Pulitzer winner Anne Hull urges students to pay attention, be curious
Pulitzer Prize-winning reporter Anne Hull told students Wednesday afternoon about her vivid career, one that has taken her to inner cities, rural Christian towns, places demolished by hurricanes and hospitals where ignored veterans languished.
Her work often gives voice to the marginalized and, particularly with her Pulitzer Prize-winning series on the neglect of veterans at Walter Reed Army Medical Center, effects change in the communities she spotlights. Because of the Walter Reed story, the top three people in the Army lost their jobs, Hull said.
Hull is the latest in a series of top award-winning journalists to speak to professor of practice Tom French’s spring Behind the Prize class.
French was one of Hull’s earliest inspirations, she said. Then a St. Petersburg Times reporter, French was one of Hull’s mentors when she was a “copy kid” and handled calls at the city desk. She hadn’t thought of journalism as a career until she worked in the newsroom teeming with reporters.
“I thought it was an awesome job,” she said. “They were always going out, keeping the city honest.”
Hull attended college for only a year before dropping out, so she believed she didn’t have the right education for the job. But when the fashion desk needed a writer for a story, she jumped at the chance. Soon, she started writing a slew of small pieces for the fashion desk and pitching her own stories. One of her first features was about fashion in New York.
It wasn’t good, she said, but the editor worked on it with her and it was published.
“You have to have a little nerve,” she said. “You get started, and then you figure it out. You have to be in a world you respect and one that is full of people who are better than you.”
Be sure to channel your inner voice, she added.
“Don’t try to write like someone else,” she said. “It’ll just sound like a comb-over.”
Hull spent 15 years at the St. Pete newspaper, then moved to the The Washington Post. There, she was part of a team that included reporter Dana Priest and the late Michel du Cille, BA’85. Their work on conditions at Walter Reed won the Pulitzer Prize for Public Service reporting in 2008.
In addition the award, Hull was a Pulitzer finalist three times while at the St. Petersburg Times and three times while at The Washington Post.
Hull’s style is all about following and watching, hunting in person for the social context or tension. No need to be or act omniscient, she said. You just show up and be curious.
She said she likes to become invisible to her sources, though it isn’t always easy.
When covering a story about gay youth in Newark, New Jersey, she knew she stuck out as an older white woman. But because she made the effort to be there and get to know her sources, they began to brush it off when people would ask about her presence.
“Who’s that?” a girl would ask, and Hull’s source would reply, “Oh, that’s nobody. That’s Anne.”
That’s where you want to be, said Hull.
Taking notes about everything is key. Her reporting for the Walter Reed story largely began as eavesdropping and reaching out to people who expressed discontent. Subtlety was necessary. She hid her notes in Sudoku books at first, pretending to do puzzles so she could observe without disturbing anyone. This innovative spirit helped her find a direction for the story.

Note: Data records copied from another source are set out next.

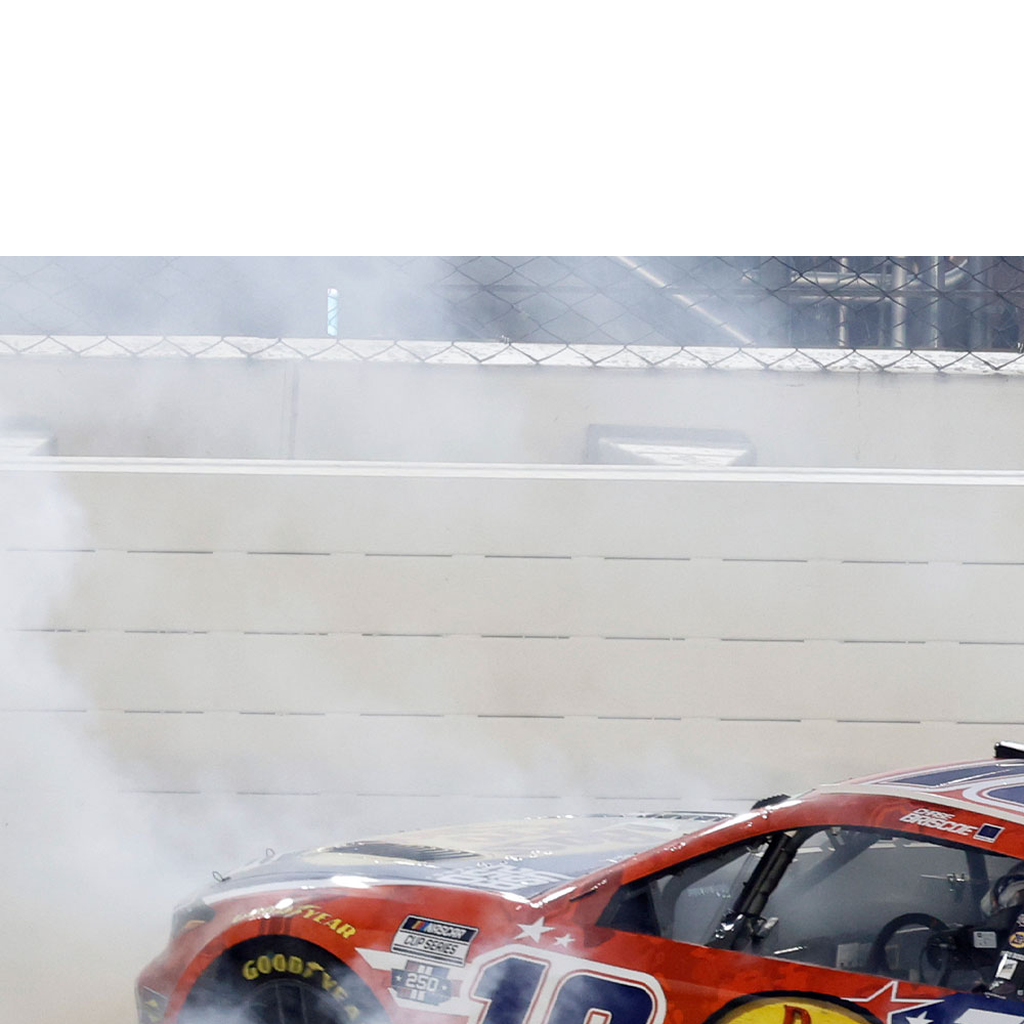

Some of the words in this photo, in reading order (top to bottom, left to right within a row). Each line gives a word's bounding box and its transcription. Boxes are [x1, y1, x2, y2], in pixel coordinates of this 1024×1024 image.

[424, 922, 467, 939] NASCAR
[404, 934, 424, 948] CUP
[423, 939, 459, 955] SERIES
[405, 973, 439, 991] 250
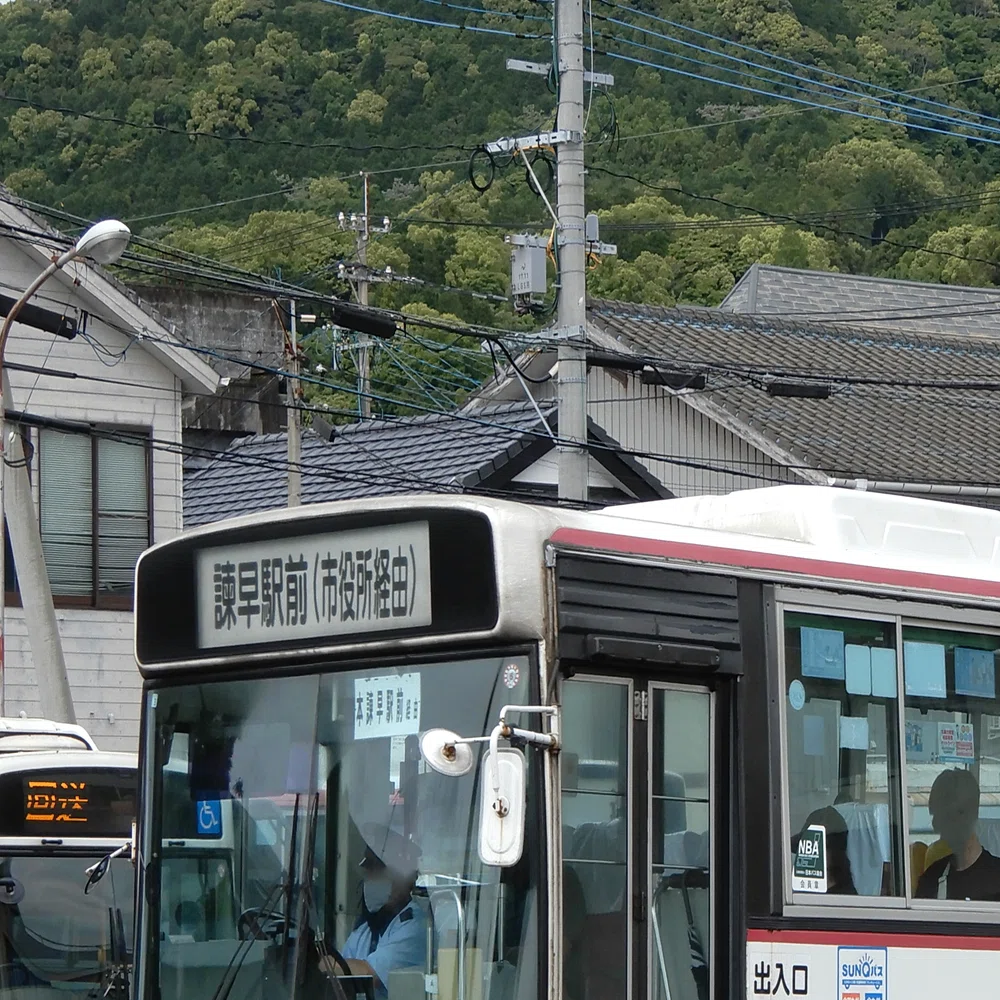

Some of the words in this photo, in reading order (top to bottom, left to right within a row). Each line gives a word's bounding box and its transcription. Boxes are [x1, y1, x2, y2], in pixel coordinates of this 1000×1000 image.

[798, 839, 819, 855] NBA
[842, 961, 883, 977] SUNQパス
[754, 961, 808, 995] 出入口

“Bureaucracy is a really boring topic,” she said. “You have to find the right people to bring that story to life.”
Intense note-taking also helps writers bring sensory detail into stories, a skill that was invaluable when reporting in New Orleans after Hurricane Katrina. Giving the reader a sense of being there is important, Hull said, and she wanted people to feel how awful it was in New Orleans at that moment. Paying attention to what you notice is crucial to truth-telling.
“There were all these rumors about armed gangs, and I wish I had the sense to say in my stories that wasn’t true,” she said. “There’s a lot of value in saying something that refutes the popular narrative if you can back it up. Trust yourself.”

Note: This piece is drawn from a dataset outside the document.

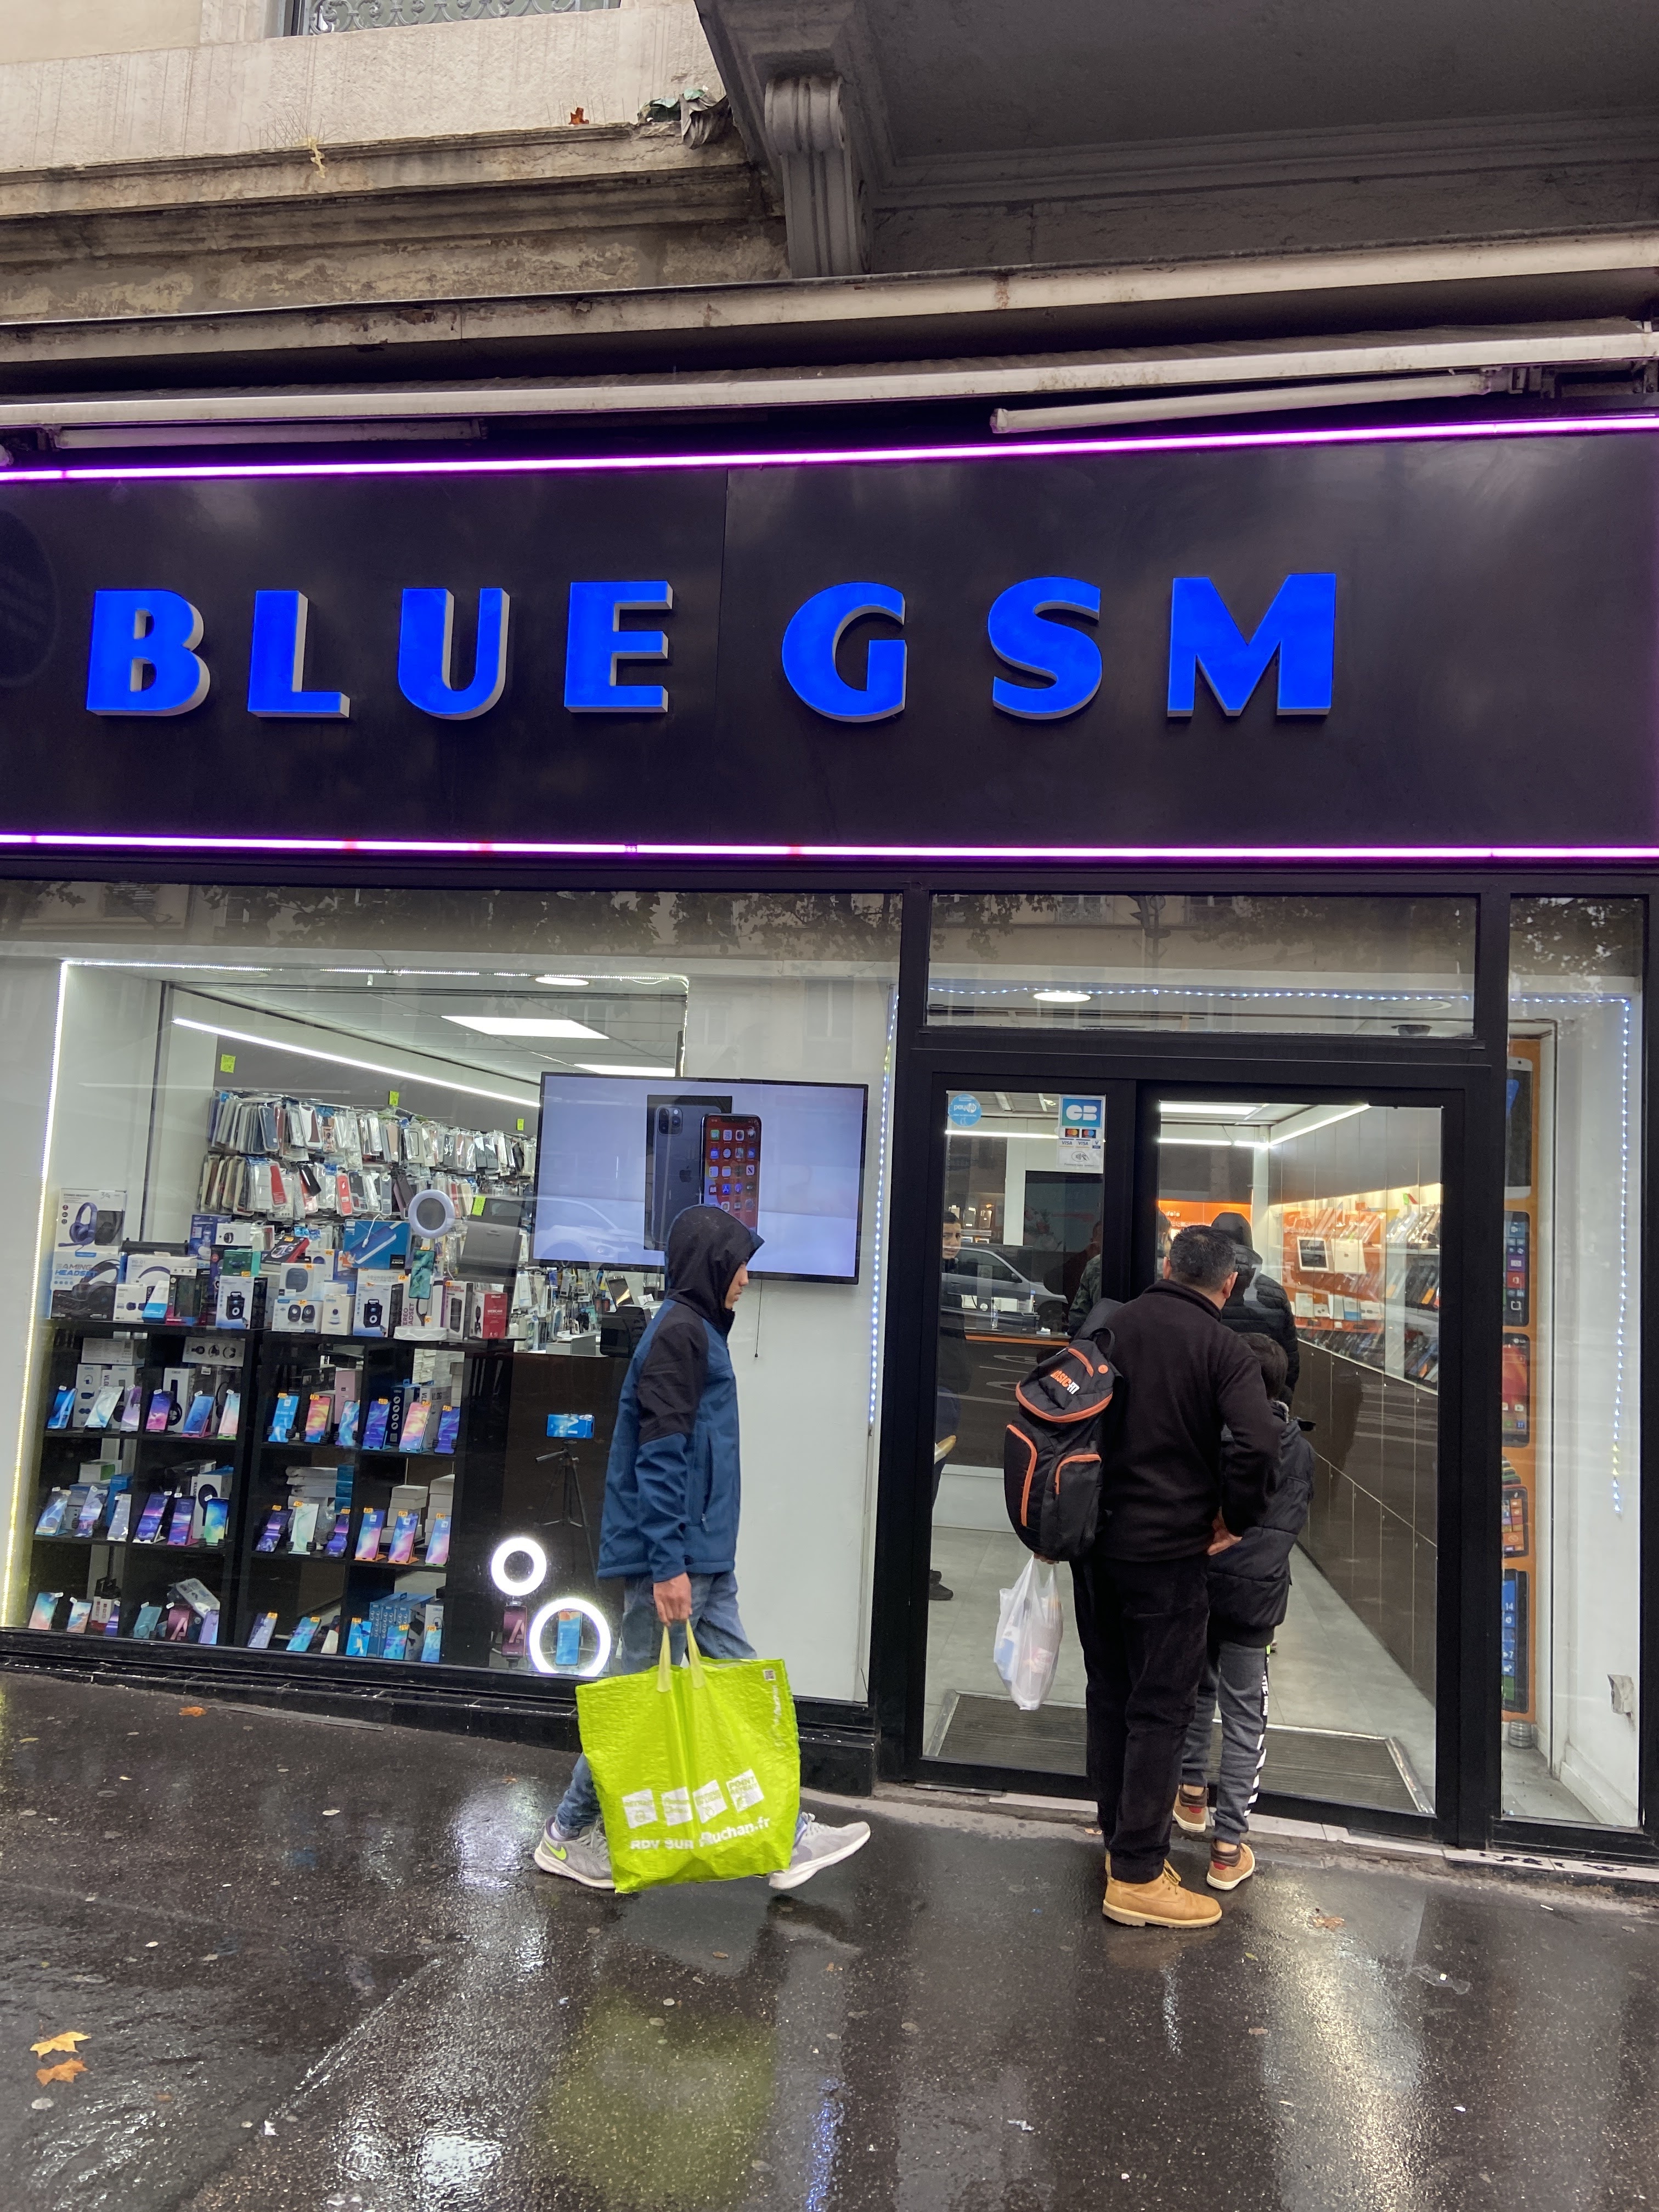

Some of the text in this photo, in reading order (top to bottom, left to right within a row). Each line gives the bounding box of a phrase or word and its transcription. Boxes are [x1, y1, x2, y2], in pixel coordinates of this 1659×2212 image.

[86, 573, 1336, 723] BLUE GSM
[1505, 1602, 1514, 1611] 14
[630, 1816, 770, 1850] RDV SUR Auchan.fr

Many of Hull’s skills came from learning on the job — sometimes the hard way. For one story, she learned never to take other people’s news as factual when she reported that Bruce Springsteen had made a surprise appearance at an event because of commotion on the radio. In actuality, Springsteen never came.
“I’m always afraid of getting it wrong or bad. That’s the terror, always,” she said. “You don’t ever escape that.”
But her career has taken her across the United States and won her nominations for multiple awards.
“I really never knew what I wanted to be in life. I loved what I did in the moment,” she said. “If I said ‘It will take me 20 years to do x,’ I would have said forget it. I don’t have the patience for that.”
But not having a plan worked out for her. Her job, she said, never feels like work for a moment.
“There’s no way to know what you will do 20 years from now,” she said. “I know it sounds Pollyanna-ish, but do something you like.”
She told the class that even now she is struggling with a story she was working on. The answers never come easy, she said, but that’s why the job is so interesting.
“Imagine if there were no reporters telling these stories,” she said. “It’d be Orwellian. Awful.”
Hull’s talk was yet another that was well-received in the class.
“I think this class overall is a really unique experience, having this kind of access,” said Amanda Marino, sophomore journalism student. “Anne is so different from anyone we’ve seen so far and different from anyone we’ll see in the future.”